- TASK INSTRUCTIONS
Your copy should begin with the line containing "this 1375×1711 image.", end with the line containing "this 1600×1200 image.", match the listing below exactly, and contain no pictures.

- ENTRIES SHOWN
········

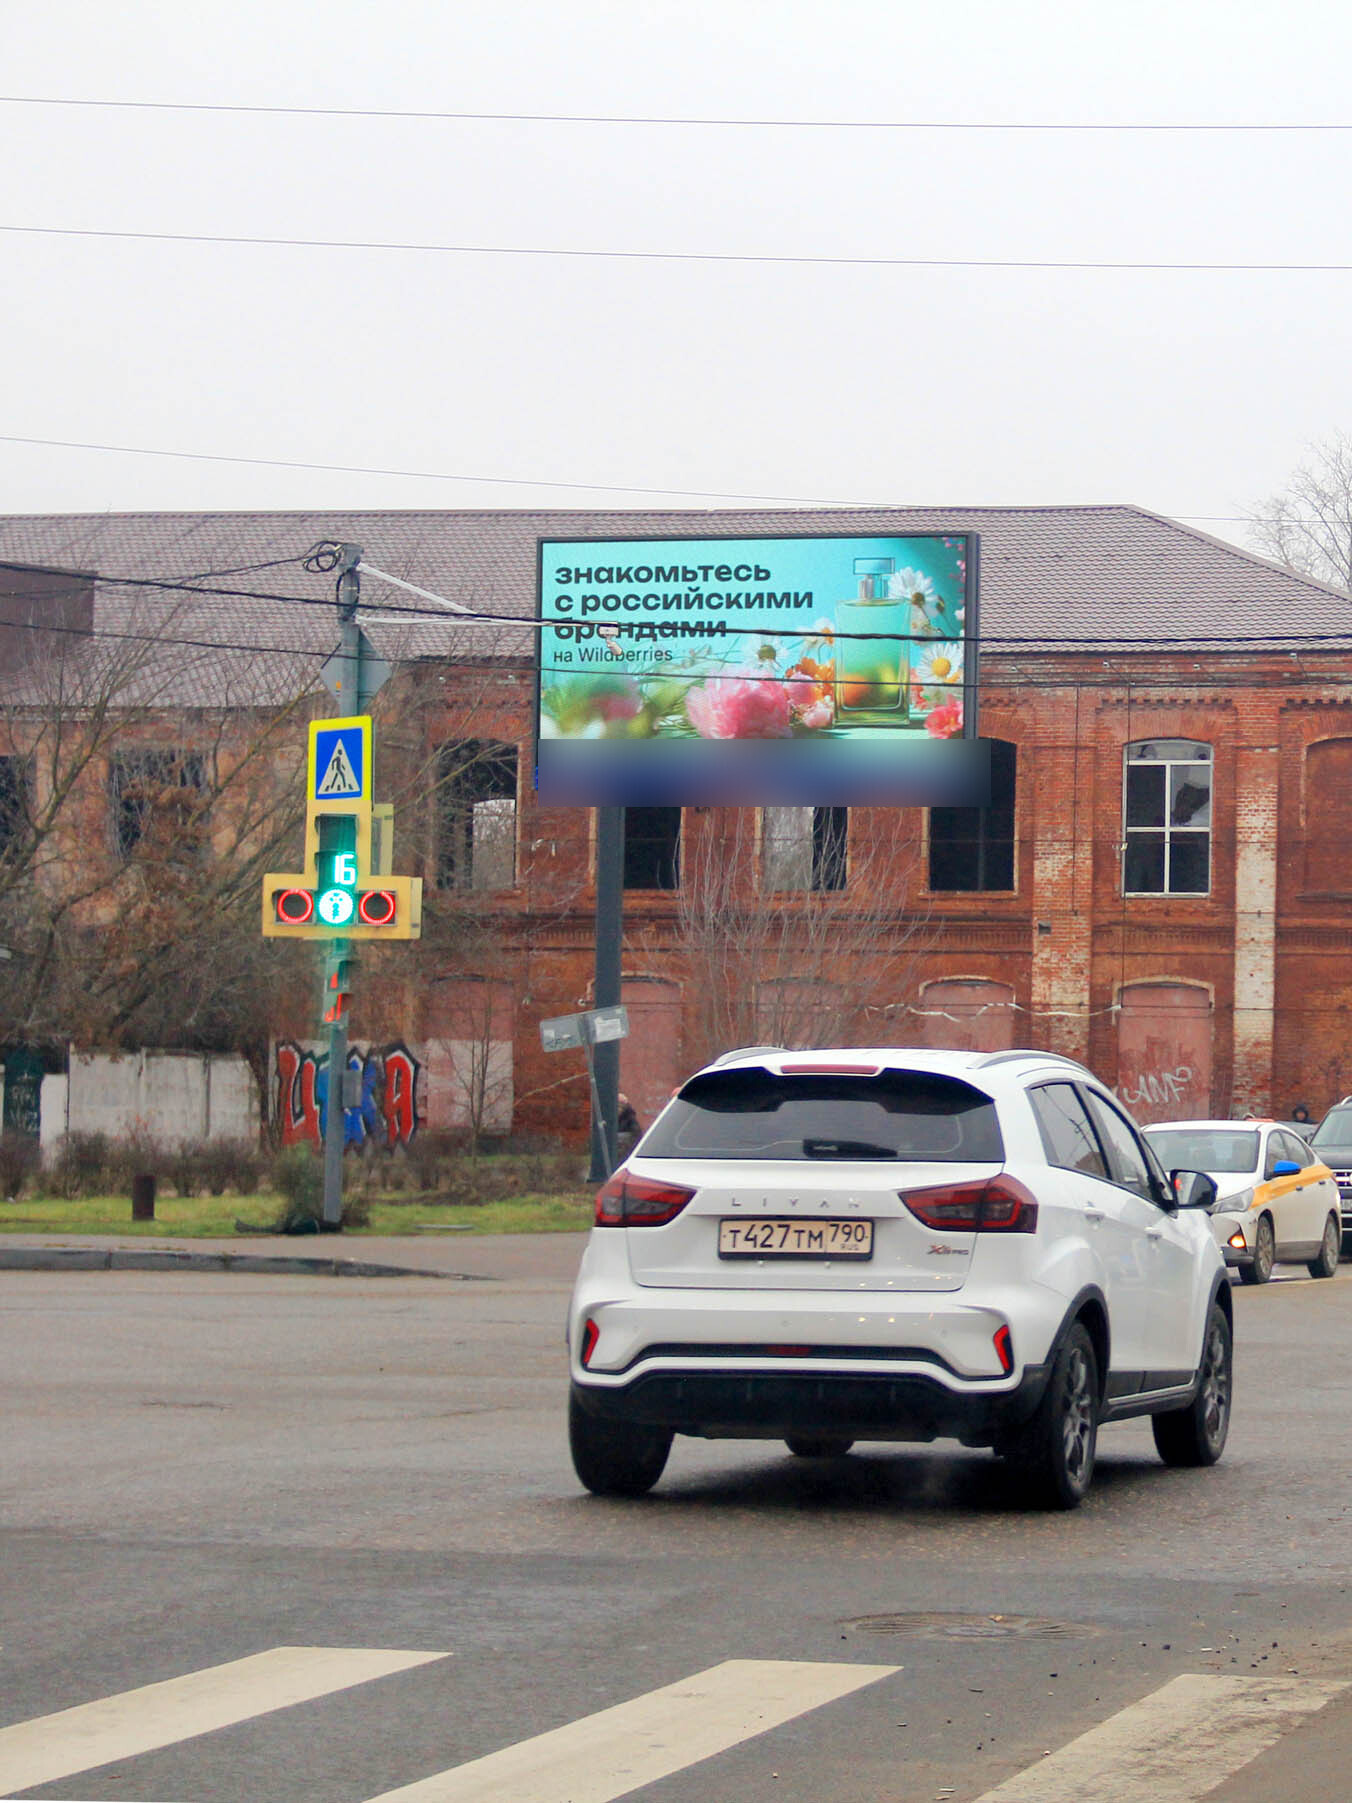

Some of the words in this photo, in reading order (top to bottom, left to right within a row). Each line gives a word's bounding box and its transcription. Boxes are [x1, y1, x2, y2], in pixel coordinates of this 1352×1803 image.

········

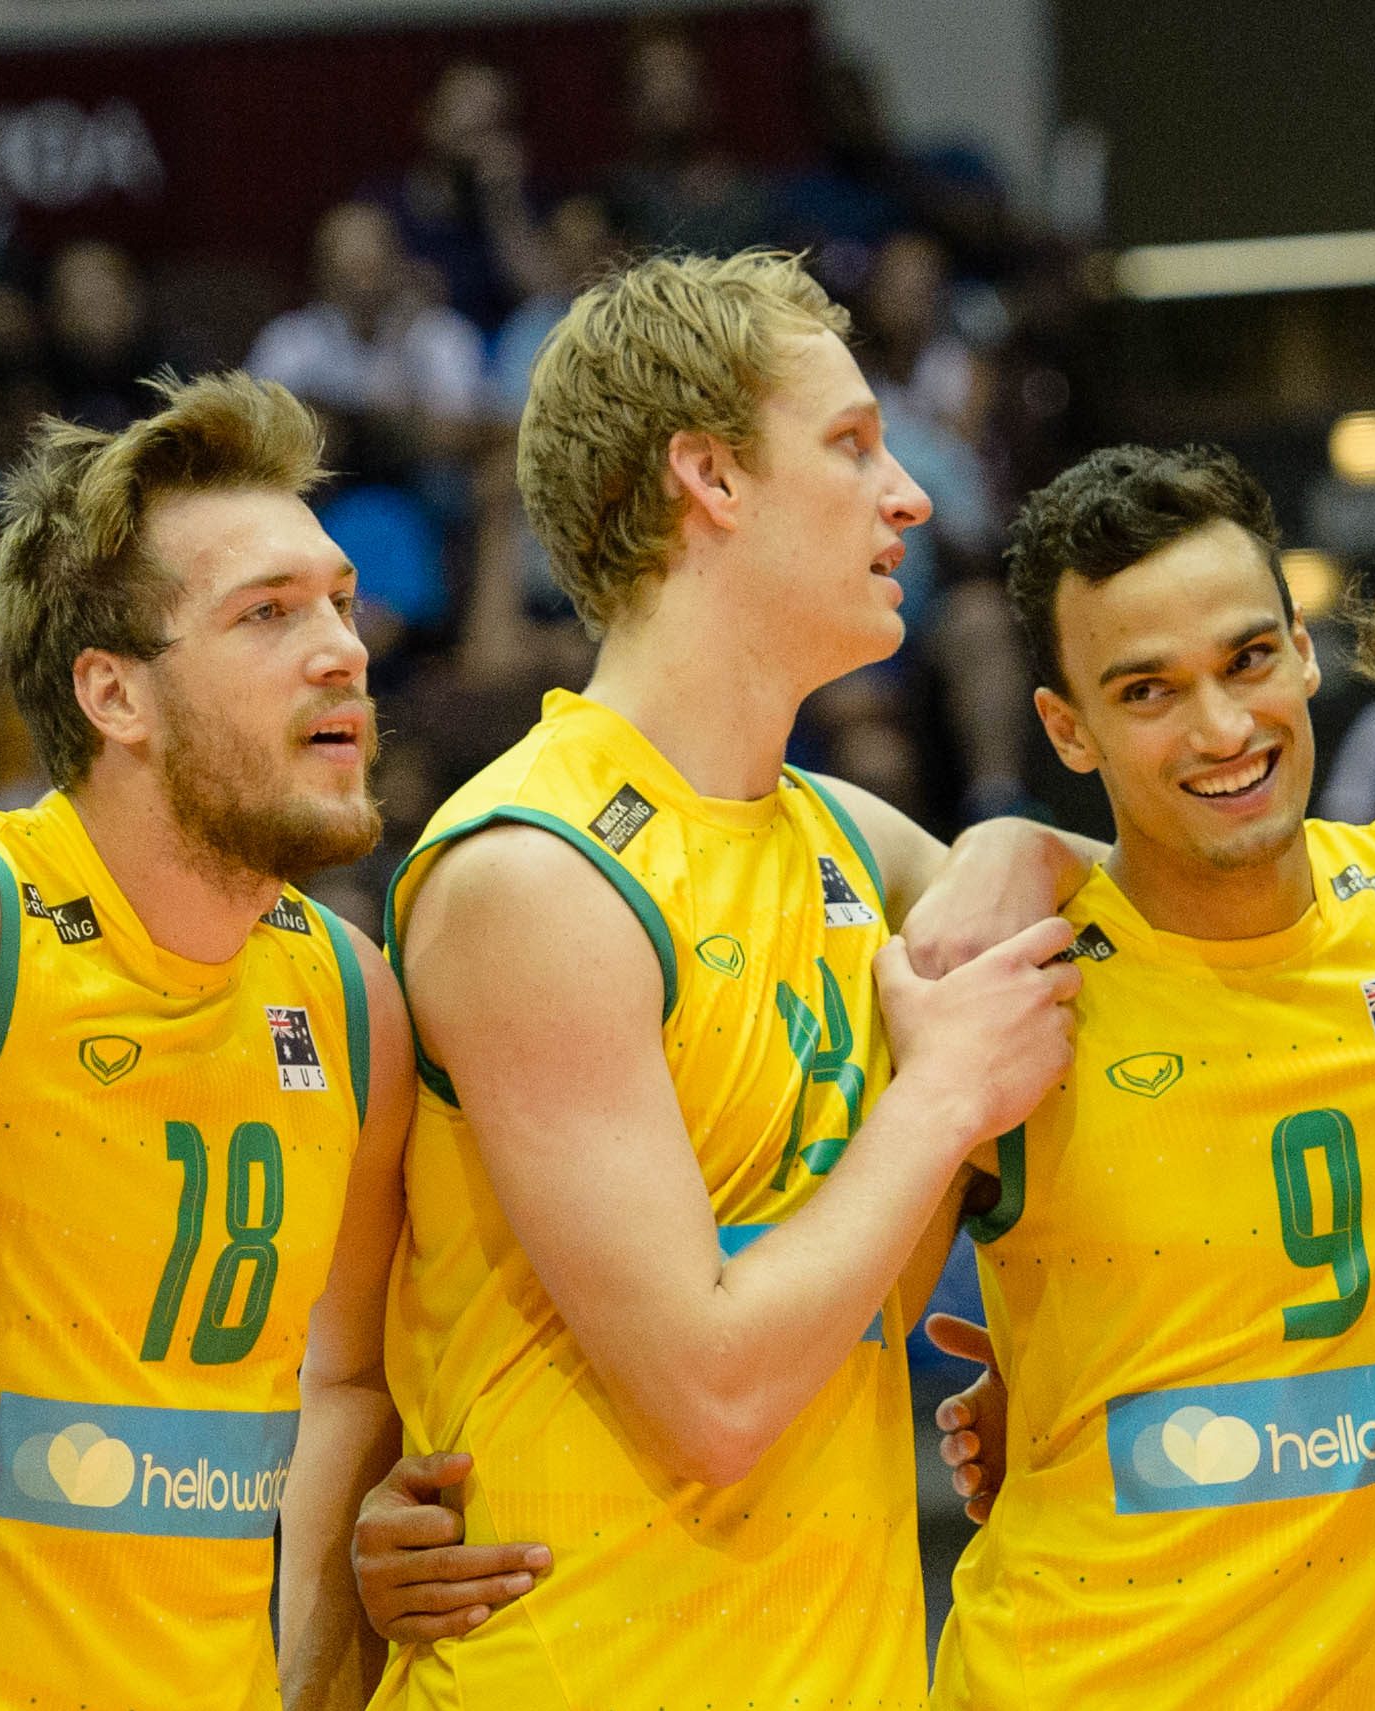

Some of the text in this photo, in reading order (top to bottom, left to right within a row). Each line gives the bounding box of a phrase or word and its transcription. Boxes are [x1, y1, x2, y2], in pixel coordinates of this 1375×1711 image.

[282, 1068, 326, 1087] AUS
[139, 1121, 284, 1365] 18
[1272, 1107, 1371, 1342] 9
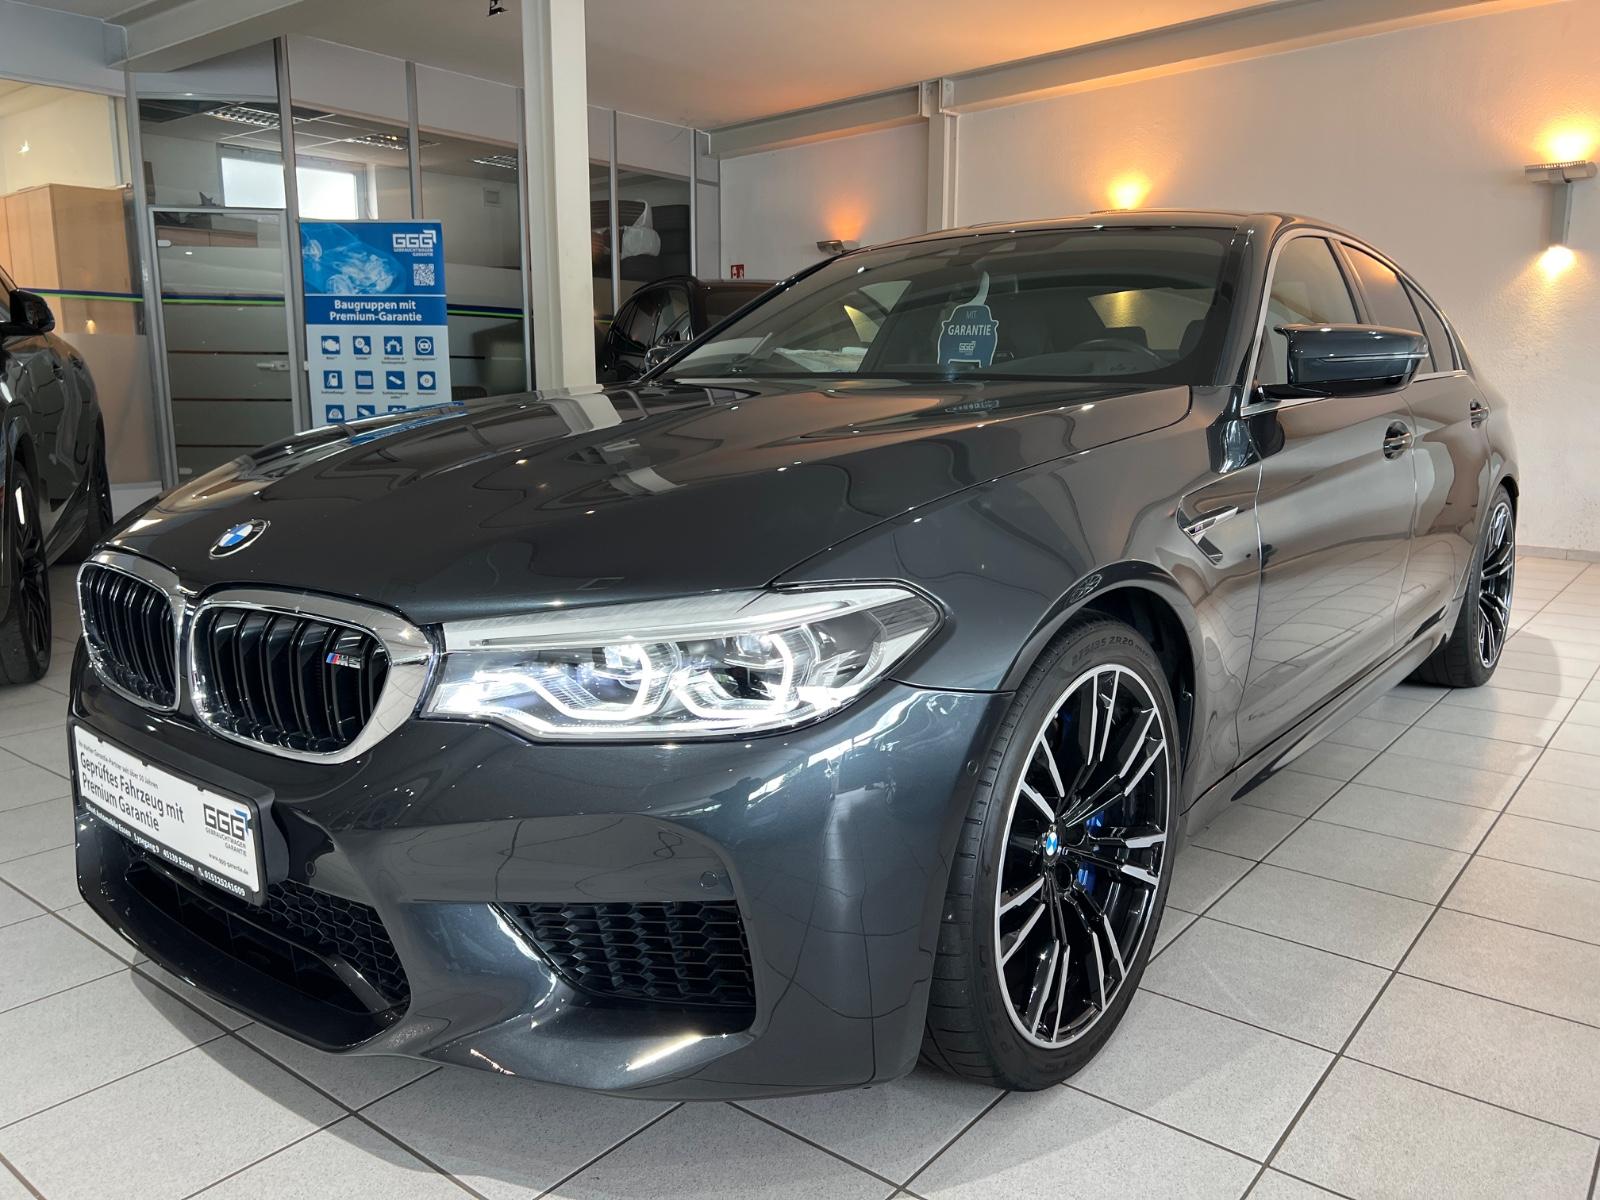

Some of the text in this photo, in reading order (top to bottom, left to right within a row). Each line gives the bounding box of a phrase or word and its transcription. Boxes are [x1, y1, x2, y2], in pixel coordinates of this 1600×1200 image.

········

- OUTPUT FOR THIS TASK
Some of the text in this photo, in reading order (top to bottom, left to right within a row). Each line gives the bounding box of a phrase or word and its transcription. Boxes are [x1, y1, x2, y2], in pixel coordinates of this 1375×1711 image.

[282, 1068, 326, 1087] AUS
[139, 1121, 284, 1365] 18
[1272, 1107, 1371, 1342] 9

Some of the text in this photo, in reading order (top to bottom, left to right within a row). Each line gives the bounding box of a phrase or word and its transcription. Boxes are [x1, y1, x2, y2], in pixel coordinates of this 1600×1200 image.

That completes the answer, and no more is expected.